»»
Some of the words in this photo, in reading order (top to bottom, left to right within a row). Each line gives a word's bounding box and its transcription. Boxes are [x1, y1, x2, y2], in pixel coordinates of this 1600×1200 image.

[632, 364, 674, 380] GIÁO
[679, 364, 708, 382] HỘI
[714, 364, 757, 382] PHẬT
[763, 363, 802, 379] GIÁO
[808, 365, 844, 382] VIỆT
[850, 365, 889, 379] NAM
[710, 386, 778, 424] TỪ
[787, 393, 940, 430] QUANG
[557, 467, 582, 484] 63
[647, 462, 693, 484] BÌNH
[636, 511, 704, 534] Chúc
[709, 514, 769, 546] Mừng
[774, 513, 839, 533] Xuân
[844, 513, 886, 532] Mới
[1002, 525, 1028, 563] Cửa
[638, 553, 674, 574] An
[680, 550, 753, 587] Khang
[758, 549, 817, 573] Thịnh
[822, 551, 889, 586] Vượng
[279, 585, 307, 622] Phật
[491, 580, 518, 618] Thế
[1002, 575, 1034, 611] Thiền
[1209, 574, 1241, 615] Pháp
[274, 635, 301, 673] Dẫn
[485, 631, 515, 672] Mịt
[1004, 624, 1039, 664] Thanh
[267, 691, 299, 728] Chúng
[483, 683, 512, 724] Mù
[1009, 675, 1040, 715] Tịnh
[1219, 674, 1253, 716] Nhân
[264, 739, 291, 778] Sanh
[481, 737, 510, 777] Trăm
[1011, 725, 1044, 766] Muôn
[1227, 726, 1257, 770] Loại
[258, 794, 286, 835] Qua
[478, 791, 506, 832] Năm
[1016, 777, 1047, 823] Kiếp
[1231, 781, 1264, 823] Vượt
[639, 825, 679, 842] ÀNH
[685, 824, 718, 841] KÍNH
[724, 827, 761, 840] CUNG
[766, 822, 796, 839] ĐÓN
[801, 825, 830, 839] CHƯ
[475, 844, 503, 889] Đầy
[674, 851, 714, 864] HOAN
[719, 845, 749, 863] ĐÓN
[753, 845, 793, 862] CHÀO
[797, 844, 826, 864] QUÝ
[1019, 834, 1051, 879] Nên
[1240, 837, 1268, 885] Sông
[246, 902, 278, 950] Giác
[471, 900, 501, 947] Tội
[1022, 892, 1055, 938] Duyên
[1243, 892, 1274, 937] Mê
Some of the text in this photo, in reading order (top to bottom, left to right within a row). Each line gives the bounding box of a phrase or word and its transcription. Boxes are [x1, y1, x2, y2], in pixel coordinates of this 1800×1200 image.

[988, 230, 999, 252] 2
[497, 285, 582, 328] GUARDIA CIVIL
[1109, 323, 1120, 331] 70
««
-- Goal of the exercise --
When the line containing "Some of the text" is found in the records above, restate it and every later line word for word through the last one, and nothing more.

-- Solution to the exercise --
Some of the text in this photo, in reading order (top to bottom, left to right within a row). Each line gives the bounding box of a phrase or word and its transcription. Boxes are [x1, y1, x2, y2], in pixel coordinates of this 1800×1200 image.

[988, 230, 999, 252] 2
[497, 285, 582, 328] GUARDIA CIVIL
[1109, 323, 1120, 331] 70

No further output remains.